Since she began it in May 1999, the force has helped convict a dealer of date-rape drugs, nabbed a couple of individuals who sold liquor and cigarettes online to minors, and played a key role in tracking down a child predator from Florida who sent incriminating e-mails to a 14-year-old Michigan girl.

Wired for efficiency

Granholm, who has been an avid online shopper and bill-payer for five years, sees the positive side to the Internet as well. "I love being able to leverage technology to be more efficient," she says.

Indeed, her state car is equipped with a laptop computer, two cellphones, and a Dictaphone - all so she can conduct business during her 160-mile daily commute.

She takes her in-box home at the end of each work day and insists on being at the dinner table at 6 p.m. for the family meal with her husband and three young children.

"That three-hour period, 6 to 9 o'clock every night, is untouchable," she says.

Family always has been central to Granholm's life. She grew up in Canada and California, the daughter of a sawmill worker who worked hard to become a banking consultant.
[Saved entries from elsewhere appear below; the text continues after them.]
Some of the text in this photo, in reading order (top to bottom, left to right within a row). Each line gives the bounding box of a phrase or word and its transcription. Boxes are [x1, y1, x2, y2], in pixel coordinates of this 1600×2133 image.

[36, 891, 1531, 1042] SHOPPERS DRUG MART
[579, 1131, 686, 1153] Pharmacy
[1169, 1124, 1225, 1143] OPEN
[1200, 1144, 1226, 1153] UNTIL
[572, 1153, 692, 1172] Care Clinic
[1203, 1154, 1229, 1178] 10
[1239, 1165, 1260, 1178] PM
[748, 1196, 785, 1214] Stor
Her parents sent her to the University of California at Berkeley, and then to Harvard Law School, where she edited the law review.
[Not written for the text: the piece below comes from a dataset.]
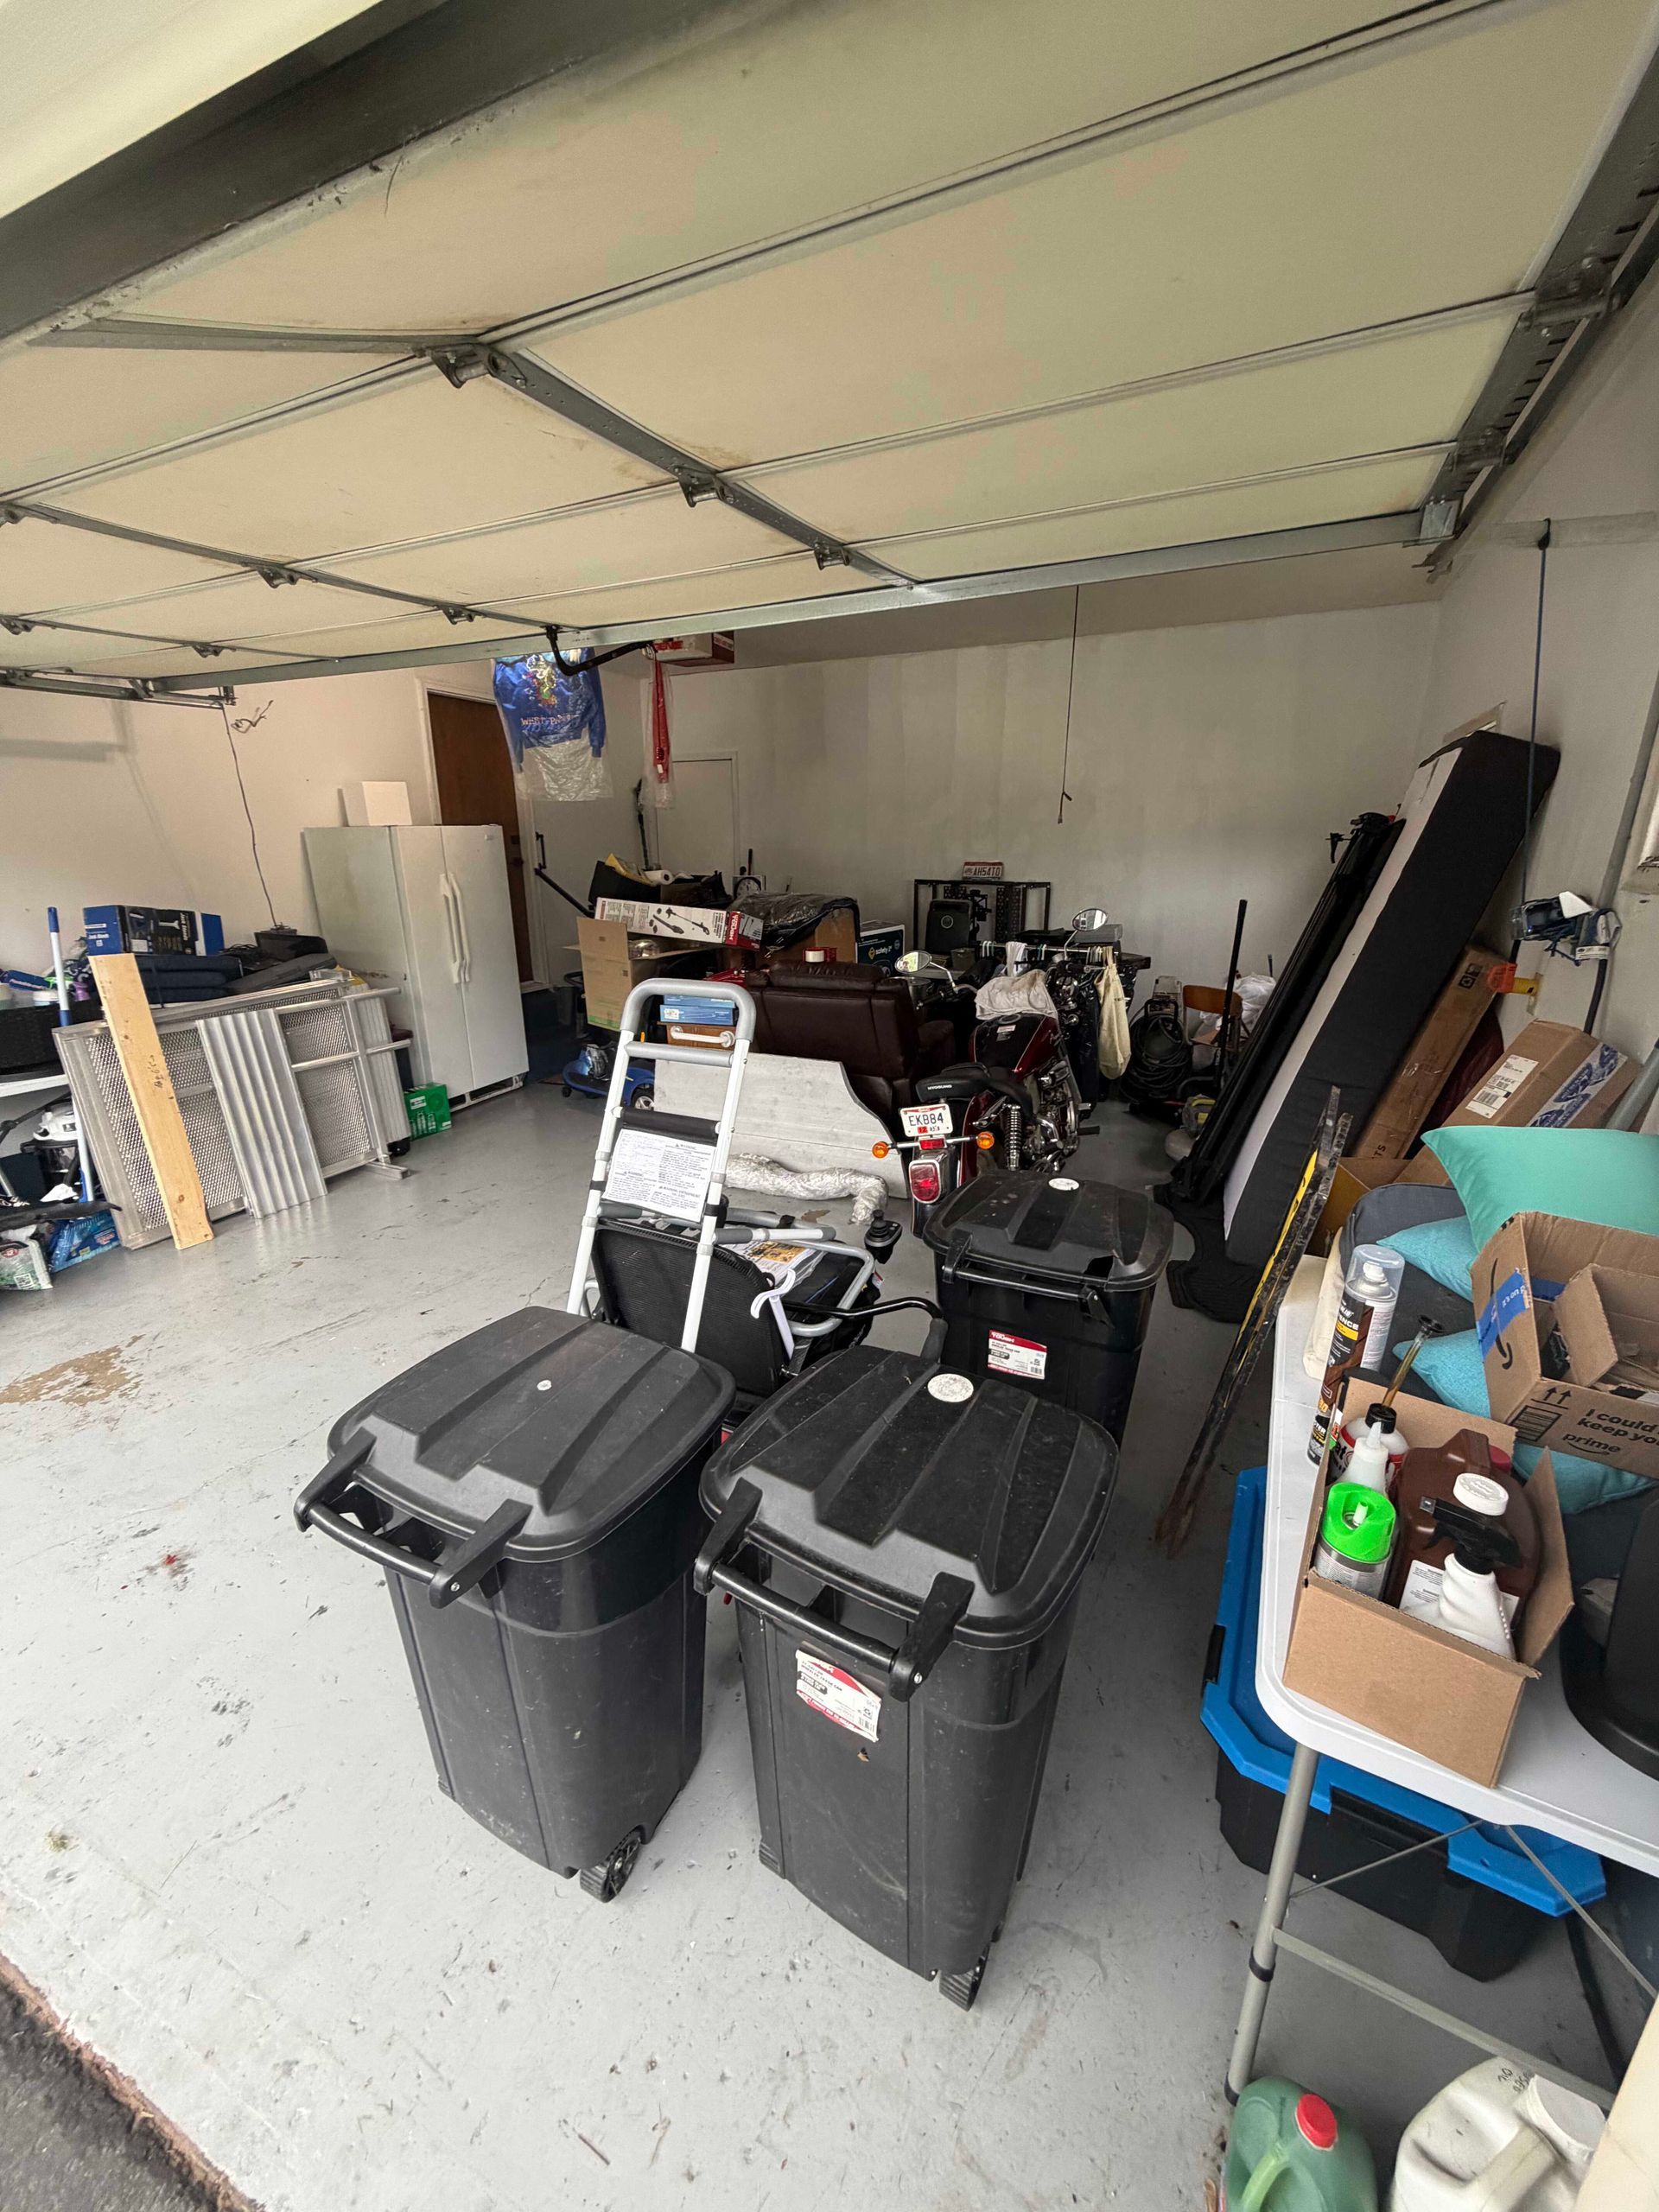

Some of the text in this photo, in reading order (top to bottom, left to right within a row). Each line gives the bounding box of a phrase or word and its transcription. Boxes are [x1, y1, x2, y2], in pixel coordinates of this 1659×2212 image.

[1510, 1289, 1520, 1299] on
[1577, 1418, 1629, 1436] keep
[1596, 1413, 1659, 1433] could
[1563, 1433, 1621, 1452] prime
In her office, baseball caps with the letters ATF and FBI sit on a windowsill, reminders of a past career as a federal prosecutor. She won her spot as attorney general on her first try at elected office.

'Big Browser' crusade

Besides cracking down on high-tech crime, Granholm has also hit the issue of online privacy. Last summer, she picked a first-of-its-kind fight against companies that allow third-party marketers to spy on Internet users via "cookies" - software that tracks a person's Web activities to develop customer profiles.

Calling it the "Big Browser" crusade, she threatened to sue Net companies to force them to talk about reworking their cookie-disclosure and privacy-protection policies.

"It's a creative and innovative way to attack a very serious problem in this country," says Jeffrey Rosen, a George Washington University law professor.

So far, Granholm hasn't bagged any violators or even filed any lawsuits. But she reports that most of the companies contacted have made consumer-friendly revisions to their disclosure policies.

"The aim was not to punish companies, but to protect consumers," Granholm says.

One of the companies she spoke with was Microsoft. Along with other state attorneys general, she persuaded the Seattle software giant to offer a version of Internet Explorer that allows consumers to shut out cookies.

"Attorney General Granholm took a lead in working with us to make sure consumers were well informed and protected," says Rick Miller, a spokesman for Microsoft.

Granholm, a Democrat, has generally received praise from both sides of the political aisle. But she has also drawn criticism for occasionally hogging the spotlight and using her office to push her own agenda. "It's difficult when you have someone preparing to run for higher office sometimes going off in their own direction," says John Truscott, spokesman for Republican Gov. John Engler.

Granholm takes the criticism in stride. She hasn't said what she'll do in 2002. For the time being, she's focusing on the job at hand - and that means a cleaner, safer Internet.

"The Internet is a marvelous medium, but as more people use it, the more potential there is for crime," she says. "I want the Internet to be a safe place for children, and a safe place to transact business."